Replied by John Beasley

We have had the zappers for over 10 years. They work great. We have bought 2 or 3 of them with the individual drivers. They are lightly constructed, so if you sleep with one on, sometimes the wires get ripped out.


Can you please tell me more about the zapper, where you get one and how you used it?

Thank you!

Cayenne Pepper and Raw Garlic

1 User Review
5 star (1) 

Posted by Vince F (USA) on 01/31/2007

I haven't had a lot of luck with vets, so I try home remedies when I can think of or find them. I think cayenne Might work on worms also. I think Hooks attach, and might not consume it, but it just might make the environment inhospitable. Could try it in food, but better may be in a capsule, so it released in the intestines. I have empty capsules from things I wanted to try working in my stomach, so you could empty one of things you have in capsules, to try it. I'd try it with and without salt. Don't know if salt would make a difference.

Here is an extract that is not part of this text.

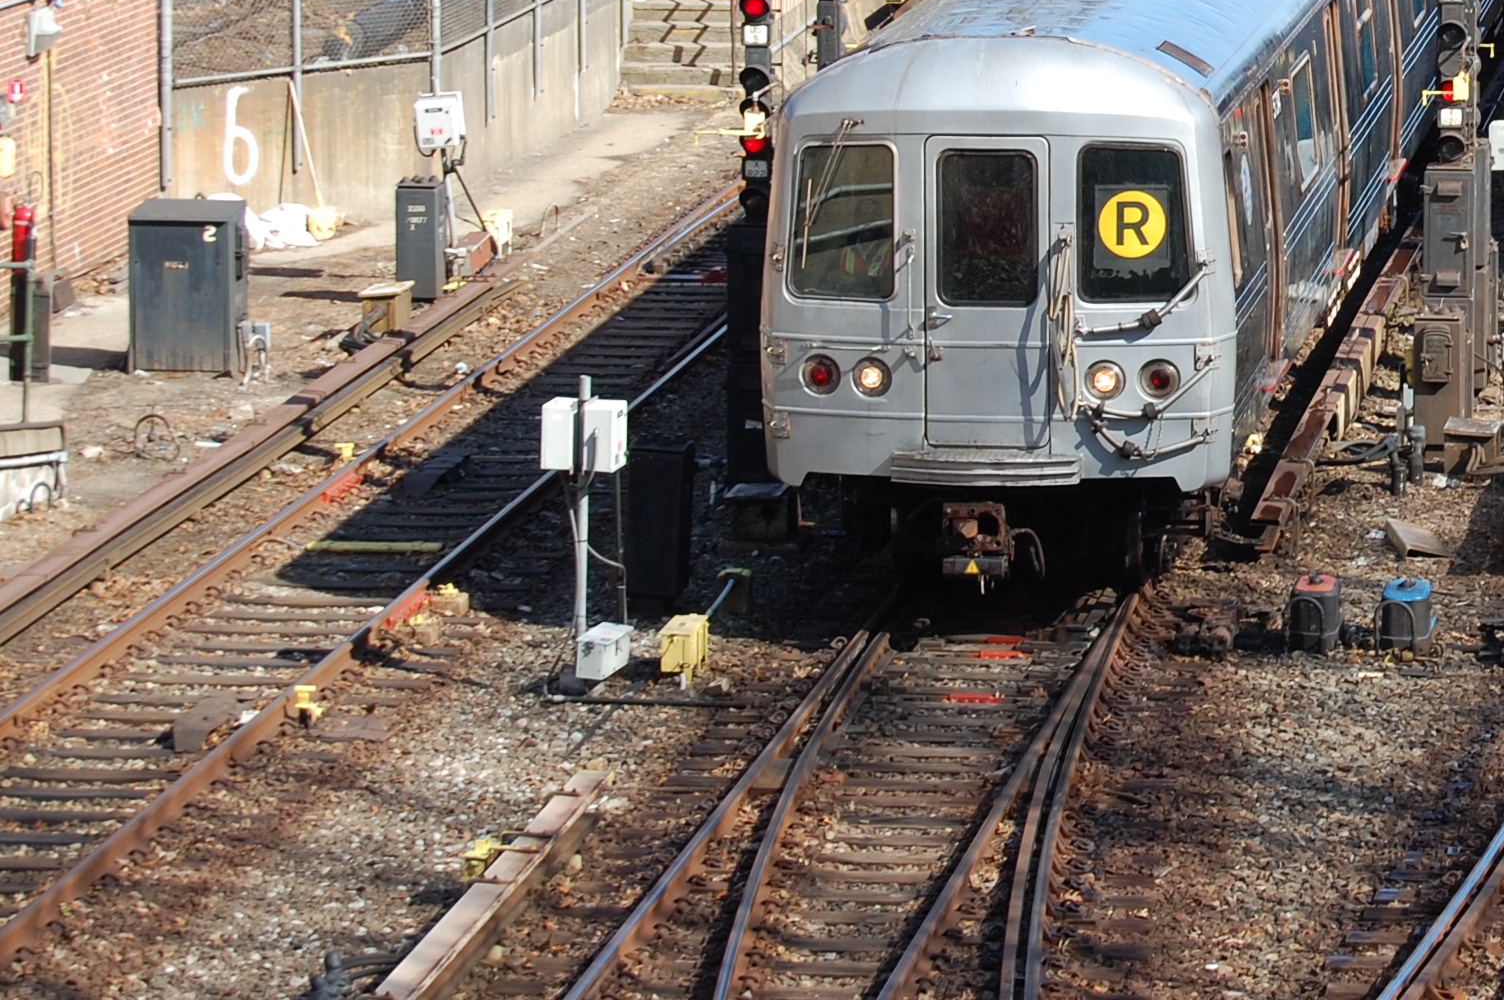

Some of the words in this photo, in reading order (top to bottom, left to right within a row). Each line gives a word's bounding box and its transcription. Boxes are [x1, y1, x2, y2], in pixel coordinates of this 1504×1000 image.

[224, 86, 259, 185] 6
[202, 225, 217, 243] 2
[1116, 201, 1149, 246] R

Another thing to try is garlic. I had an aquatic turtle that had a tape worm. I think I might have given it to it, by feeding it a fly I killed. They used to sell dried flies as turtle food, and I Thought I'd give it Fresh Food. (( A few days later I see a white tape coming out of it's butt. I didn't want to get near the tank, for fear I might get some water on me, and didn't know if the eggs would be floating. Called a chemist friend who had lots of pets and Asked him if he knew a remedy. Ones in pet store were for mammals, and one cap was for 2 lbs of animal, and the turtle probably weighed a few oz. He kept land tortoises, but had no idea what to try. I pestered him and he remembered that his barber told him his mom used to give them garlic to prevent worms. Had to figure how to get garlic into an aquatic turtle, and put some garlic powder wrapper in a small piece of thin, minute steak, and offered it on a tiny spatula. It ate it and the next day the tape was gone. From my experiences, I like to mix as little as possible with something I am giving, in case it gets mixed in and not as effective. When I needed to take Loads of salt to function in the heat, no matter how much I put on food, it didn't do what taking it straight with water did, so I say, keep it simple if you can when trying something. Garlic inside a capsule would be the simplest if they won't eat it, and don't give an awful lot, since it can thin the blood.

Replied by Shayanna Stene
(Prince George, British Columbia/ Canada)

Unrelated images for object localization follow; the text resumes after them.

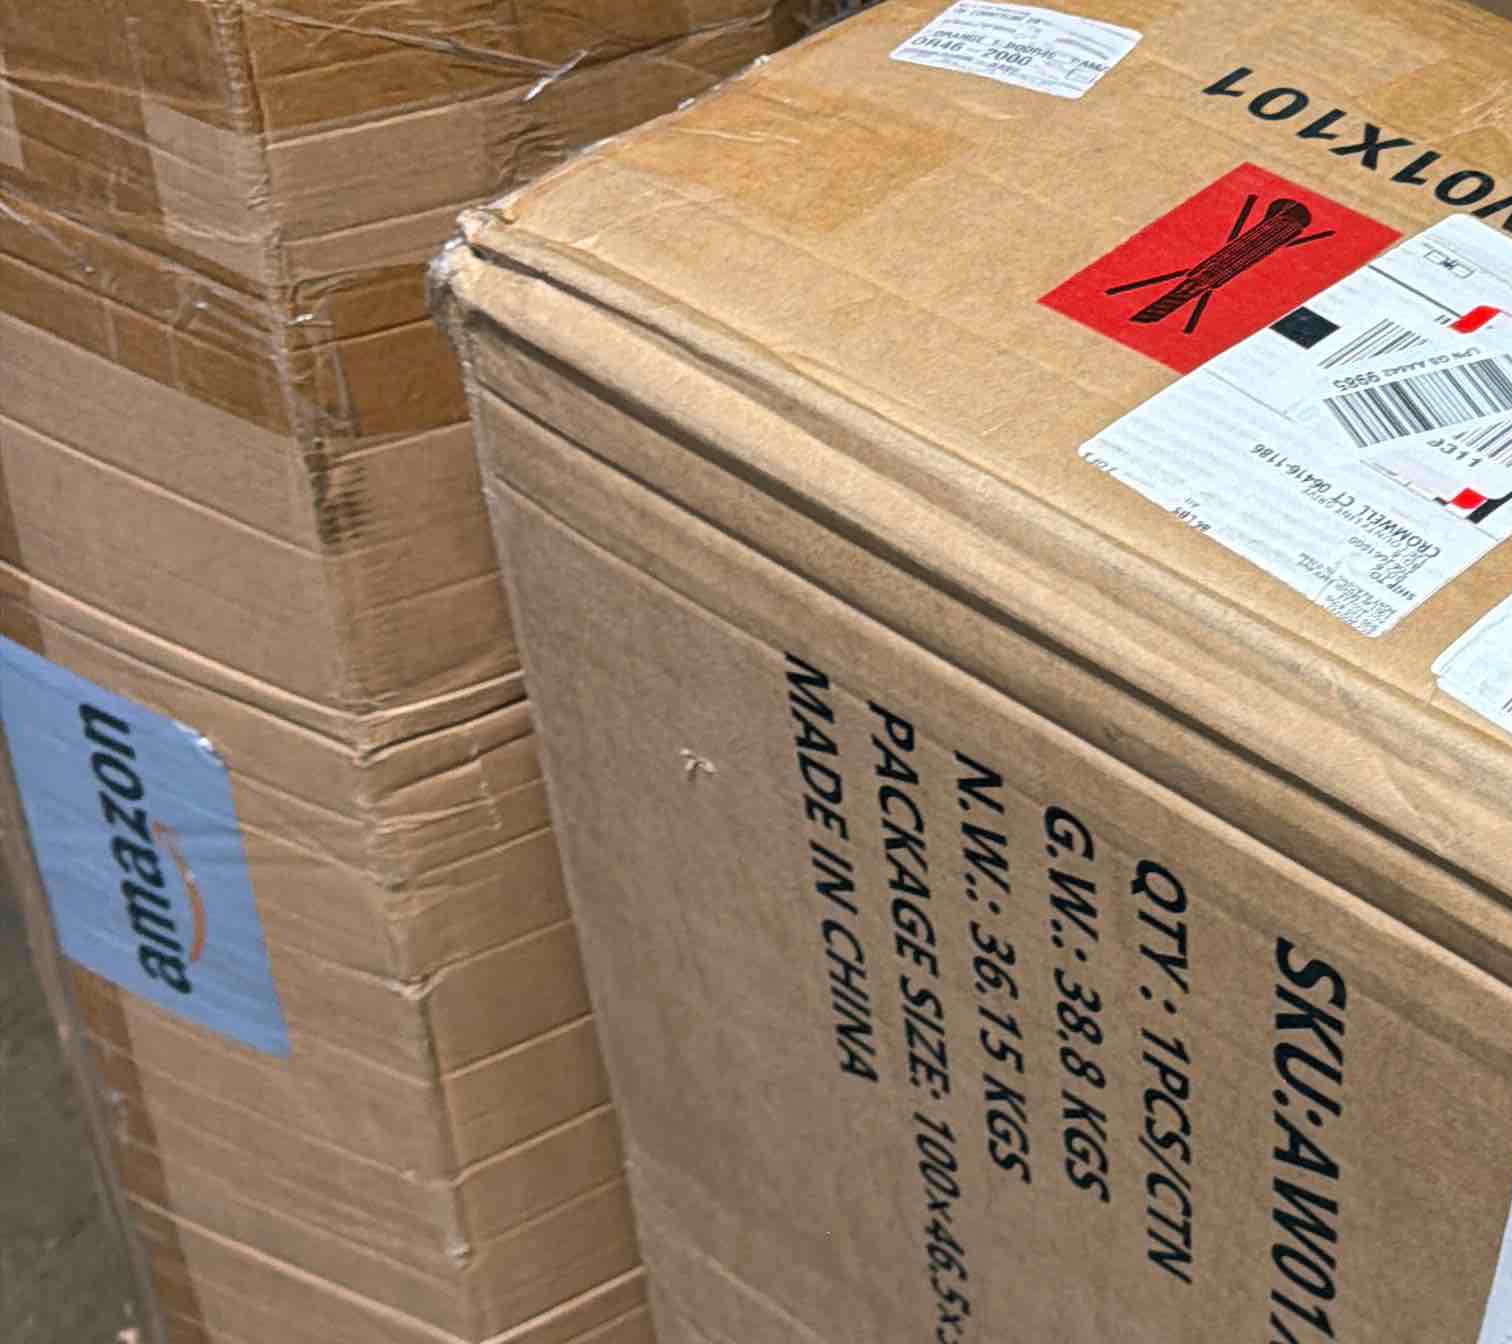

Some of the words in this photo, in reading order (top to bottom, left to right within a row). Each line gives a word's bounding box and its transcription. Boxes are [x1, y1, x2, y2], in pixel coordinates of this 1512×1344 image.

[1331, 369, 1381, 392] 9985
[1247, 442, 1334, 494] 06416-1186
[1330, 490, 1358, 508] CT
[1352, 503, 1444, 560] CROMWELL
[784, 651, 851, 842] MADE
[79, 703, 192, 994] amazon
[809, 840, 859, 915] IN
[867, 699, 940, 978] PACKAGE
[821, 919, 878, 1083] CHINA
[900, 975, 951, 1101] SIZE:
[969, 920, 1025, 1073] 36.15
[1054, 968, 1106, 1089] 38.8
[983, 1073, 1031, 1184] KGS
[1061, 1089, 1111, 1203] KGS
[1138, 1028, 1193, 1285] 1PCS/CTN

I found out on another website that Garlic can be poisonous to many types of animals like cats for example

EC: There is a great article about this subject on our Garlic for Dogs page:

Replied by Chrystal
(Junction City, Kansas)

Just FYI guys I read through this entire post when my dogs had worms and I just wanted everyone to know that I found de-worming meds for dogs over the counter at I also found them over the counter at the local feed store in the animal health section. I know herbal remedies are best but sometimes just getting the medicine is best for the animal. It was cheap too! I paid 20 bucks for an entire bottle of the stuff and one 120 lb dog (Ihave a great dane and 3 lab mixes) only needs 1 tsp a day for three days! So the bottle will still not be empty after I treat all 4 of my big dogs! Just thought I would help!

Replied by James
(Lagrange, Ga)

The day I found out my dogs had tapeworms I took them straight to the Vet. He gave them a dose of the chemical meds that is made to kill tapeworms, then said to bring them back in in two weeks for another dose. So in two weeks they got the follow up dose as directed. The vet told me that the first dose would kill the adult worms, and the follow up was to take care of the newly hatched eggs.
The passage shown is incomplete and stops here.